- TO DO:
Each entry below must be repeated exactly. Leave the pictures out of it.

---------- MATERIAL TO PROCESS ----------

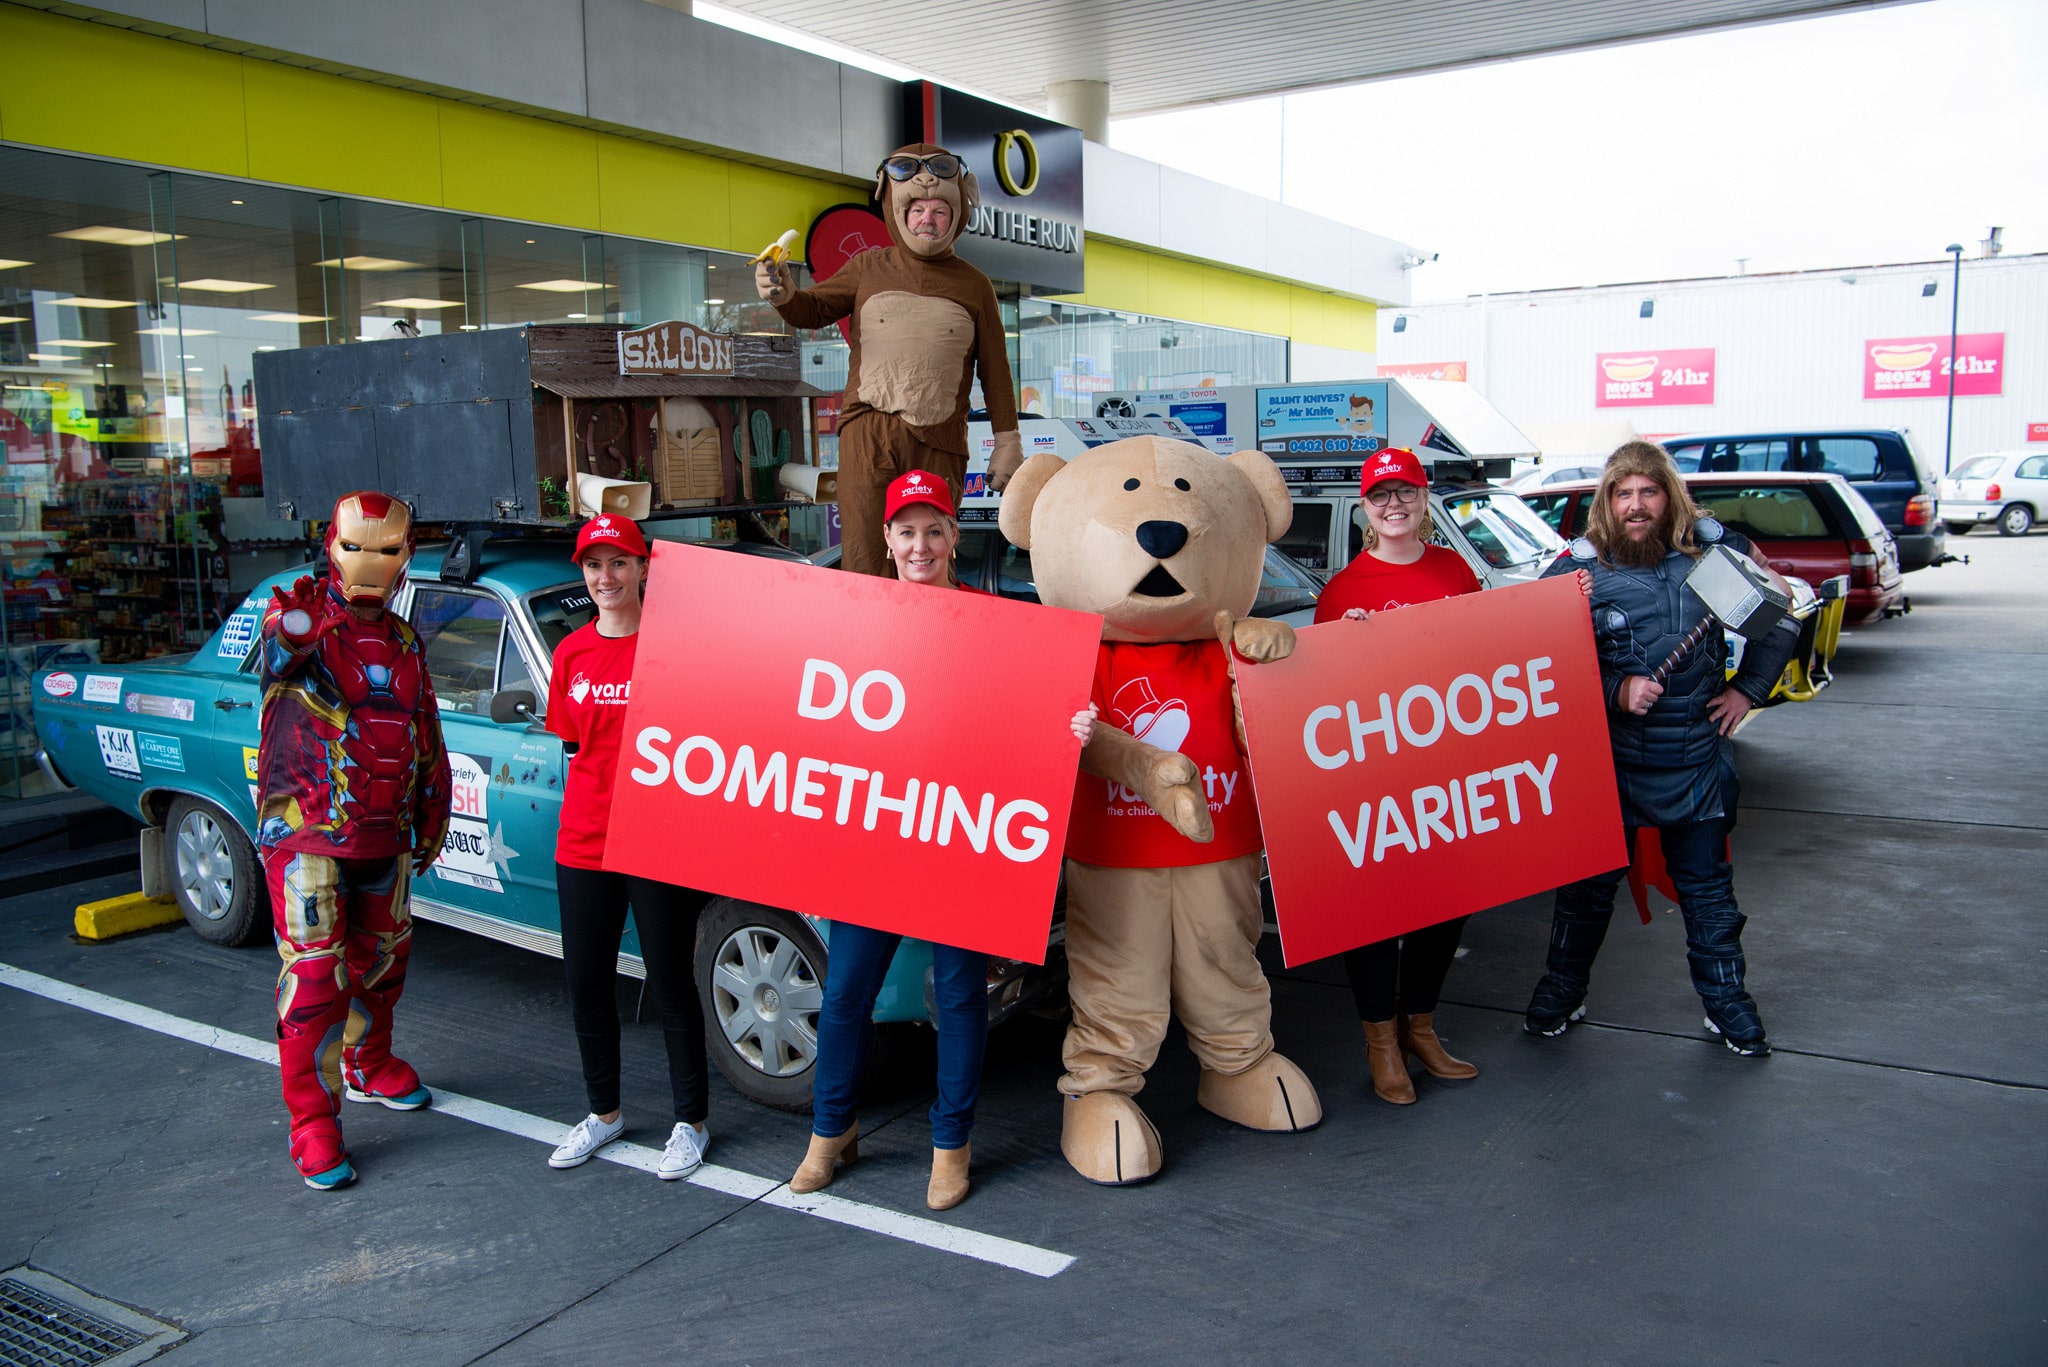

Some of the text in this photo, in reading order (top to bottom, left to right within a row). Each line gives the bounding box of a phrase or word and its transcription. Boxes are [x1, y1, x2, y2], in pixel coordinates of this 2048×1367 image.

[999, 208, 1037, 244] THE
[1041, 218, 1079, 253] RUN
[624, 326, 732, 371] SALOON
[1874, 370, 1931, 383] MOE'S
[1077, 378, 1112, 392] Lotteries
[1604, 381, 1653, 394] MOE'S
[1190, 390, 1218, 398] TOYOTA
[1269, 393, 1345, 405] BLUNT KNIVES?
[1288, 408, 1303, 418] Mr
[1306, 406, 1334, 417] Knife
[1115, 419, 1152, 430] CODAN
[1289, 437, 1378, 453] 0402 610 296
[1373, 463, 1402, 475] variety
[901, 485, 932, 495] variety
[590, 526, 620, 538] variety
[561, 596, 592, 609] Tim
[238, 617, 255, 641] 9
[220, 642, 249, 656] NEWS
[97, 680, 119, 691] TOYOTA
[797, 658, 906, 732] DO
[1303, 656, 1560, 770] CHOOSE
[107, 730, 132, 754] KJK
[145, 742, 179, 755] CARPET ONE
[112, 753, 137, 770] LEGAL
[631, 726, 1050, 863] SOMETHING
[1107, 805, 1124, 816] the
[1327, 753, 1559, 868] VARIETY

----------

- ANSWER BELOW:
Some of the text in this photo, in reading order (top to bottom, left to right within a row). Each line gives the bounding box of a phrase or word and its transcription. Boxes are [x1, y1, x2, y2], in pixel coordinates of this 2048×1367 image.

[999, 208, 1037, 244] THE
[1041, 218, 1079, 253] RUN
[624, 326, 732, 371] SALOON
[1874, 370, 1931, 383] MOE'S
[1077, 378, 1112, 392] Lotteries
[1604, 381, 1653, 394] MOE'S
[1190, 390, 1218, 398] TOYOTA
[1269, 393, 1345, 405] BLUNT KNIVES?
[1288, 408, 1303, 418] Mr
[1306, 406, 1334, 417] Knife
[1115, 419, 1152, 430] CODAN
[1289, 437, 1378, 453] 0402 610 296
[1373, 463, 1402, 475] variety
[901, 485, 932, 495] variety
[590, 526, 620, 538] variety
[561, 596, 592, 609] Tim
[238, 617, 255, 641] 9
[220, 642, 249, 656] NEWS
[97, 680, 119, 691] TOYOTA
[797, 658, 906, 732] DO
[1303, 656, 1560, 770] CHOOSE
[107, 730, 132, 754] KJK
[145, 742, 179, 755] CARPET ONE
[112, 753, 137, 770] LEGAL
[631, 726, 1050, 863] SOMETHING
[1107, 805, 1124, 816] the
[1327, 753, 1559, 868] VARIETY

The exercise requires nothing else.